Il n'espérait pas qu'il aurait pu avoir ce nom aussi facilement, mais ça lui ferait gagner beaucoup de temps ! Et il en avait déjà assez pris pour qu'il en perde encore. Il accéléra le pas, pressé. Il retournerait à l'hôtel, emprunterait un annuaire ou juste internet, pour pouvoir peut-être retrouver d'autres traces de celui qu'il cherchait.

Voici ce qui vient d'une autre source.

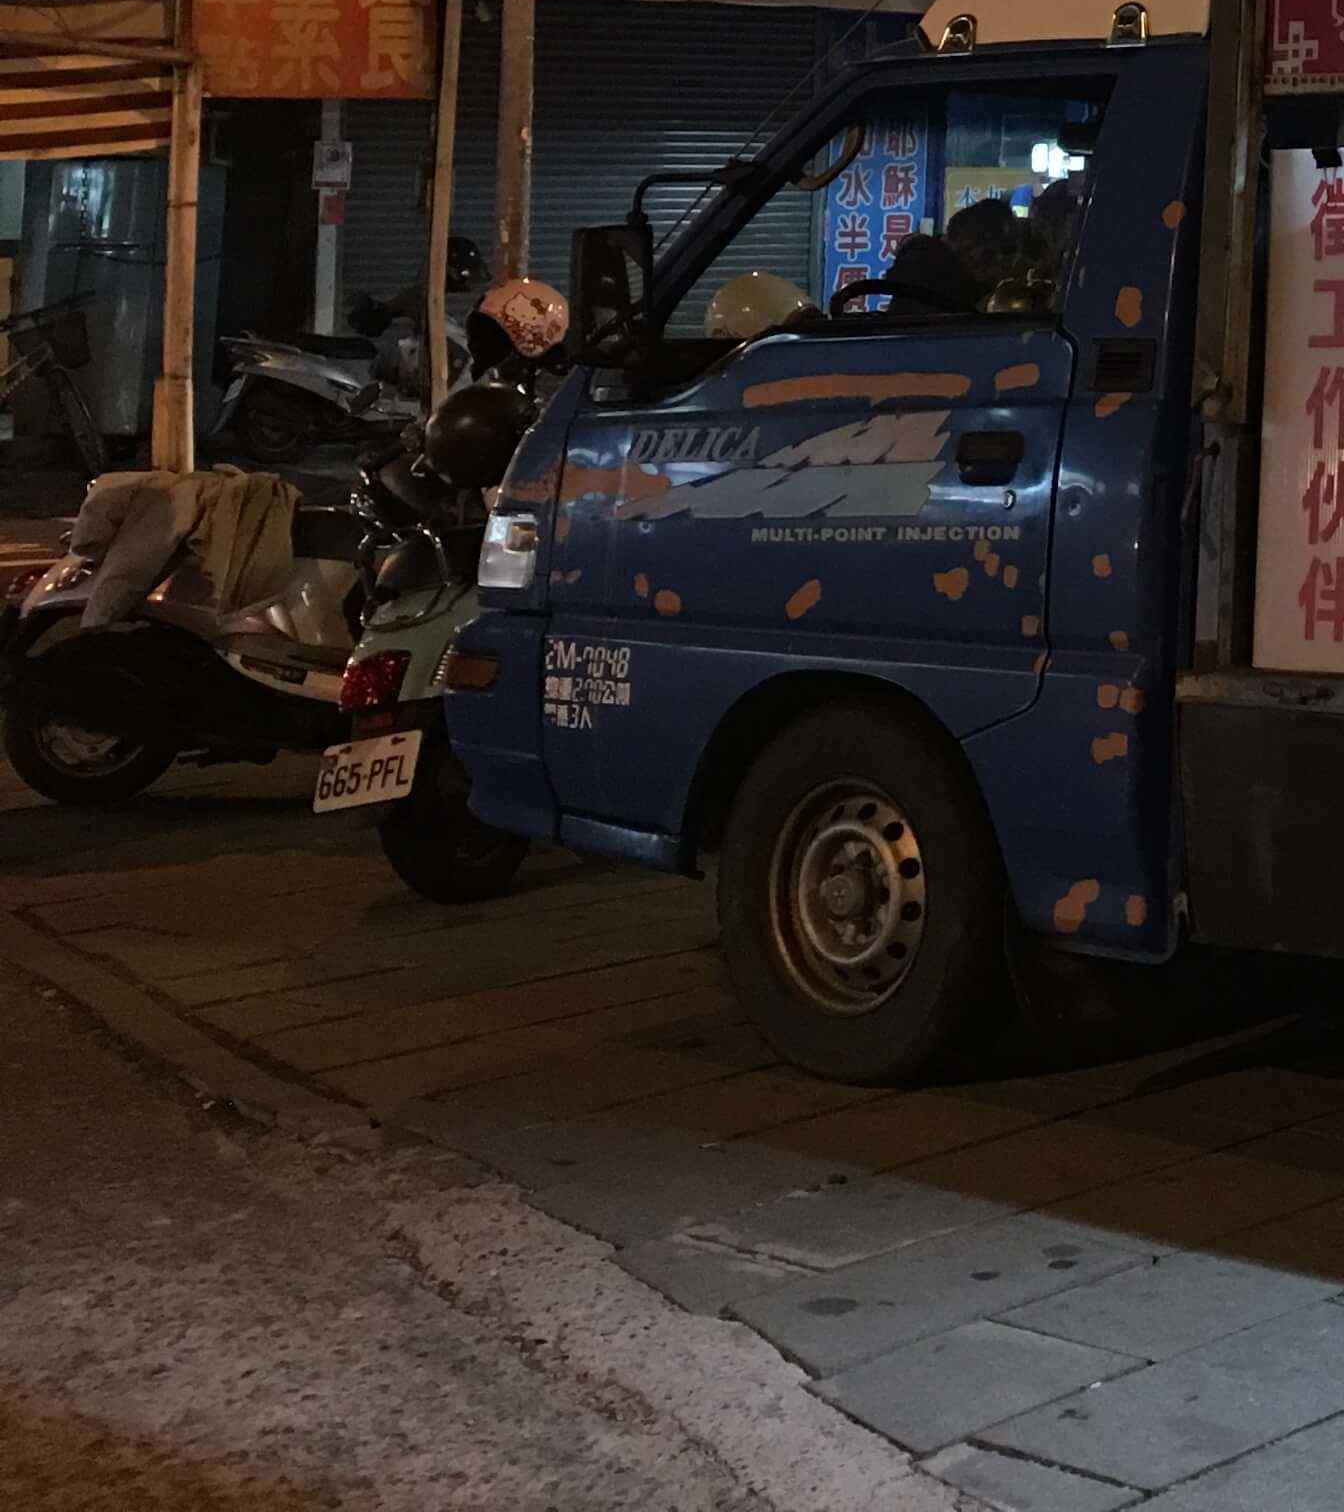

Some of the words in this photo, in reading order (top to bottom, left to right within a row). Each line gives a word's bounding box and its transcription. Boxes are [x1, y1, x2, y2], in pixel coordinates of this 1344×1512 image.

L'adrénaline était montée si haut en sachant qu'il avait eu ce nom qu'il en avait oublié sa blessure au milieu du ventre. Ce fut quand la douleur, violente et perforante, se manifesta qu'il s'en souvint, mais il était un peu tard. Ses jambes perdirent toutes forces et il dut se mettre à genoux pour ne pas s'évanouir. Ses oreilles se mirent à bourdonner et sa vue se troubla, si bien qu'il s'asseya quelques minutes sur le trottoir, dos au mur, pour tenter de recouvrer tous ses sens.

Il posa sa main sur son ventre, épuisé. A travers le flou de ses yeux, il vit qu'on le remarquait, on le regardait, un peu inquiet, un peu étonné. Il serra les dents. Il fallait qu'il se relève s'il ne voulait pas qu'on veuille encore le soigner et le clouer dans un lit. Alors il rassembla toutes ses forces, se releva d'un bond et détala.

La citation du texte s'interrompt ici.